What you should do: Copy out the records in full, word for word, without pictures.

The data:
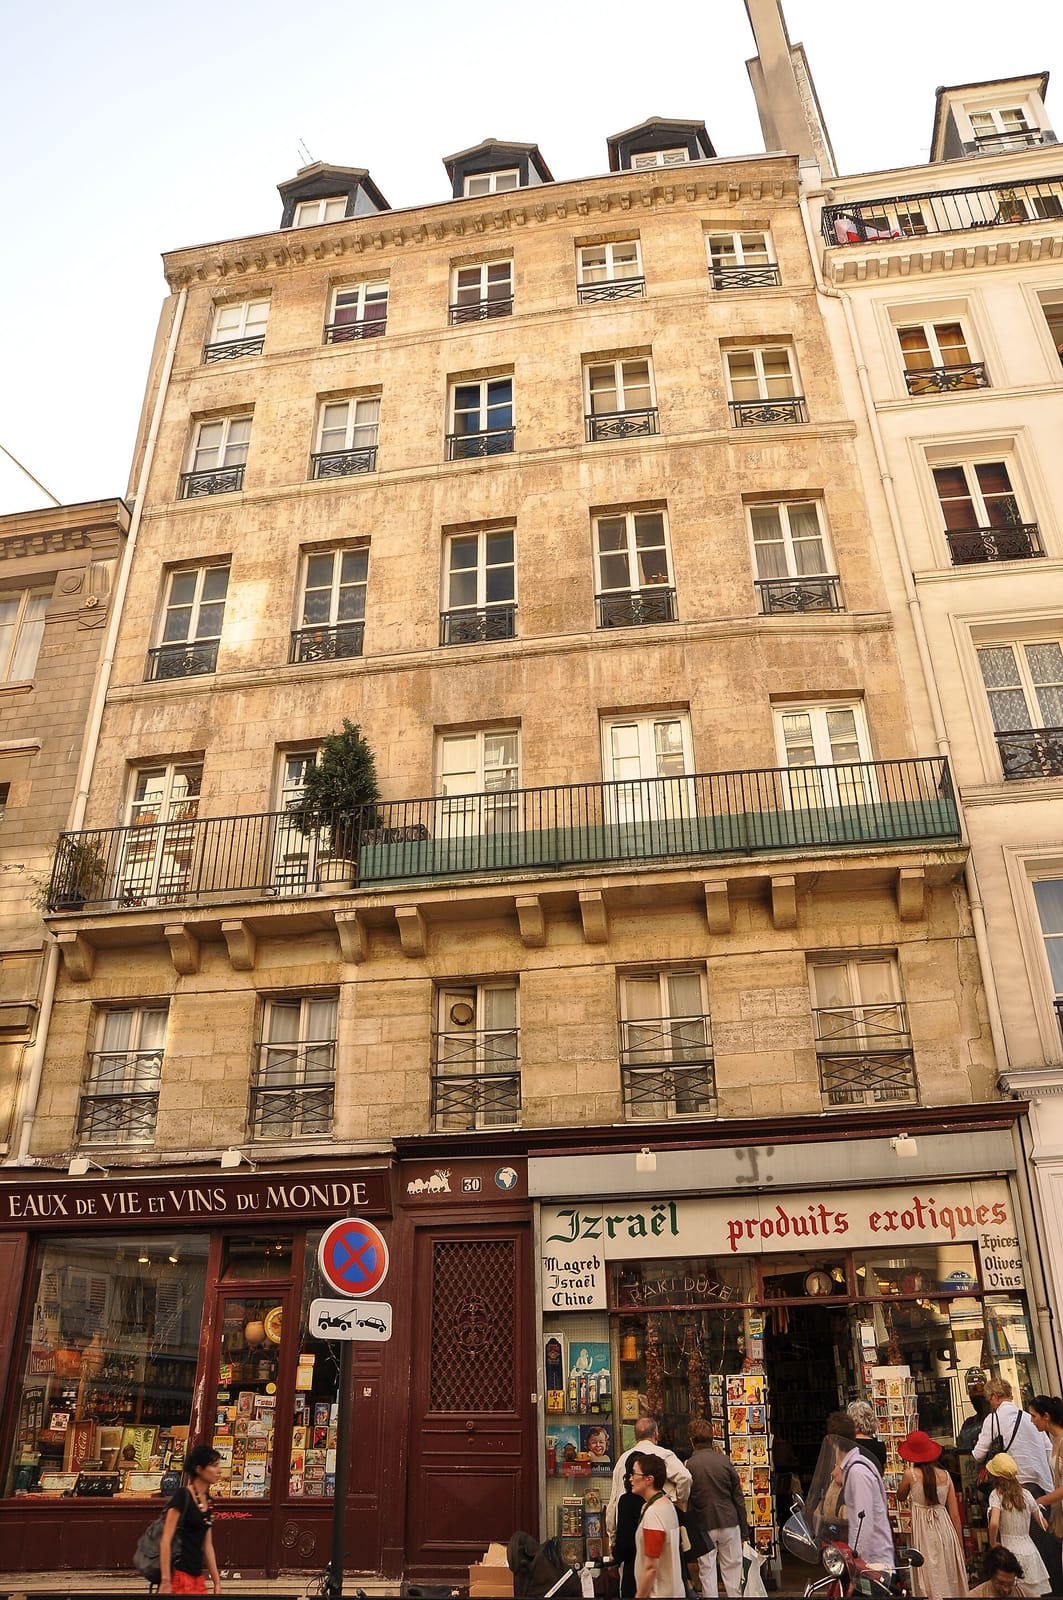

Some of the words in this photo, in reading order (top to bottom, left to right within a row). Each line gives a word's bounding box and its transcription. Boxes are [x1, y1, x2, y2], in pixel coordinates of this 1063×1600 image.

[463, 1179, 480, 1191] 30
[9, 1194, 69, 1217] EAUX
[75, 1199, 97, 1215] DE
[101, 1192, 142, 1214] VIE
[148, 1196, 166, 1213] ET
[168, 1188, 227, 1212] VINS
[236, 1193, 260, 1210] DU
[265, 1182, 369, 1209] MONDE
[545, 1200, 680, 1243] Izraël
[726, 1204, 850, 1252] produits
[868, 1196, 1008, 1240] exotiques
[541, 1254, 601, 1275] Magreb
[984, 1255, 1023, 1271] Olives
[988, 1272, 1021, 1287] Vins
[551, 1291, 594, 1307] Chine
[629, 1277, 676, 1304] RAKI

Problem solution:
Some of the words in this photo, in reading order (top to bottom, left to right within a row). Each line gives a word's bounding box and its transcription. Boxes are [x1, y1, x2, y2], in pixel coordinates of this 1063×1600 image.

[463, 1179, 480, 1191] 30
[9, 1194, 69, 1217] EAUX
[75, 1199, 97, 1215] DE
[101, 1192, 142, 1214] VIE
[148, 1196, 166, 1213] ET
[168, 1188, 227, 1212] VINS
[236, 1193, 260, 1210] DU
[265, 1182, 369, 1209] MONDE
[545, 1200, 680, 1243] Izraël
[726, 1204, 850, 1252] produits
[868, 1196, 1008, 1240] exotiques
[541, 1254, 601, 1275] Magreb
[984, 1255, 1023, 1271] Olives
[988, 1272, 1021, 1287] Vins
[551, 1291, 594, 1307] Chine
[629, 1277, 676, 1304] RAKI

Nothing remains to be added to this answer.